* Your assignment *
Print, exactly as written, the line containing "this 1500×1334 image." and every line after it, ending with the final line of the data below.

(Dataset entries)
══════════

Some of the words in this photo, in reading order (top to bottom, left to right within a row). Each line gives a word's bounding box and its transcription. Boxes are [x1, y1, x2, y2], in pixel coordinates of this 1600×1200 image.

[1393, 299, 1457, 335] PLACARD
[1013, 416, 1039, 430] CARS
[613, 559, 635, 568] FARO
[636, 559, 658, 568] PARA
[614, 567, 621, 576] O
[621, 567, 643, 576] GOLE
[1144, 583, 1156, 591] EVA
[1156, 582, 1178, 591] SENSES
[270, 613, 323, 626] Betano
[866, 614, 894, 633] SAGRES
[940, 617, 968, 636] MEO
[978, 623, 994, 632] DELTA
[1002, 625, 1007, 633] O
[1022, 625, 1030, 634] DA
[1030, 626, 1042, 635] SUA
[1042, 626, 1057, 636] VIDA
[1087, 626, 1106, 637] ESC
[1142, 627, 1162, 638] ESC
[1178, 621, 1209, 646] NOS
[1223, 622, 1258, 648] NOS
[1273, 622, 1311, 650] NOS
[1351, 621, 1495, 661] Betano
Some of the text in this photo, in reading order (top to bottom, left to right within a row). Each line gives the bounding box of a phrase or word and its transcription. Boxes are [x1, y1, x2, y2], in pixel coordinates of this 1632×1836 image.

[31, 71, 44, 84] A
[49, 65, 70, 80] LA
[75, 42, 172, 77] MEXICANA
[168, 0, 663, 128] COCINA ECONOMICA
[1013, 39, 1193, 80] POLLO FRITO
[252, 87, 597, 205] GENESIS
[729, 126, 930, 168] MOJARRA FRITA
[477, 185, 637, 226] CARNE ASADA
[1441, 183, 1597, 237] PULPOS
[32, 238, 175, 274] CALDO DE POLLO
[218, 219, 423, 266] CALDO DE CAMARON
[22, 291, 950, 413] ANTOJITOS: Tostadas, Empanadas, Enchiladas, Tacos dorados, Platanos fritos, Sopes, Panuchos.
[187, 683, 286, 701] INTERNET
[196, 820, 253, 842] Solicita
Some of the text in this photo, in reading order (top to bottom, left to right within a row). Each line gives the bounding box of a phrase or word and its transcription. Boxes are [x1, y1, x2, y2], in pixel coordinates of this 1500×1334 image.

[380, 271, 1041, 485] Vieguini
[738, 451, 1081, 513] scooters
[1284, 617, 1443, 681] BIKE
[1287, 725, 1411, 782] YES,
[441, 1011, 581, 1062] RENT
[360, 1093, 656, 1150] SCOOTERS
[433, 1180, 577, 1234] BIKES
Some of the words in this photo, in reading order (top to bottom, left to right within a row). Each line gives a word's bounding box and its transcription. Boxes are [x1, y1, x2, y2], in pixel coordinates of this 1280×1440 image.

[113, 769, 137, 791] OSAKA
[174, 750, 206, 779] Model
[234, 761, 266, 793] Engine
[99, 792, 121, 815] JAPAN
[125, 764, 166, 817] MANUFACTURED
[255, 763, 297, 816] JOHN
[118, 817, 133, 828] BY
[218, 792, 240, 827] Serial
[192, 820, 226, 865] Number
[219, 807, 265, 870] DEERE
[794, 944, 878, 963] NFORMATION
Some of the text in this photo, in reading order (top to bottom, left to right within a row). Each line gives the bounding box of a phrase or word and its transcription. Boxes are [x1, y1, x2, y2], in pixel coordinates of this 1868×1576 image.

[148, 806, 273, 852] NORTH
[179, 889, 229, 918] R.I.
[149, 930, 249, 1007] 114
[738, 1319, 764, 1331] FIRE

══════════

* Written answer *
Some of the text in this photo, in reading order (top to bottom, left to right within a row). Each line gives the bounding box of a phrase or word and its transcription. Boxes are [x1, y1, x2, y2], in pixel coordinates of this 1500×1334 image.

[380, 271, 1041, 485] Vieguini
[738, 451, 1081, 513] scooters
[1284, 617, 1443, 681] BIKE
[1287, 725, 1411, 782] YES,
[441, 1011, 581, 1062] RENT
[360, 1093, 656, 1150] SCOOTERS
[433, 1180, 577, 1234] BIKES
Some of the words in this photo, in reading order (top to bottom, left to right within a row). Each line gives a word's bounding box and its transcription. Boxes are [x1, y1, x2, y2], in pixel coordinates of this 1280×1440 image.

[113, 769, 137, 791] OSAKA
[174, 750, 206, 779] Model
[234, 761, 266, 793] Engine
[99, 792, 121, 815] JAPAN
[125, 764, 166, 817] MANUFACTURED
[255, 763, 297, 816] JOHN
[118, 817, 133, 828] BY
[218, 792, 240, 827] Serial
[192, 820, 226, 865] Number
[219, 807, 265, 870] DEERE
[794, 944, 878, 963] NFORMATION
Some of the text in this photo, in reading order (top to bottom, left to right within a row). Each line gives the bounding box of a phrase or word and its transcription. Boxes are [x1, y1, x2, y2], in pixel coordinates of this 1868×1576 image.

[148, 806, 273, 852] NORTH
[179, 889, 229, 918] R.I.
[149, 930, 249, 1007] 114
[738, 1319, 764, 1331] FIRE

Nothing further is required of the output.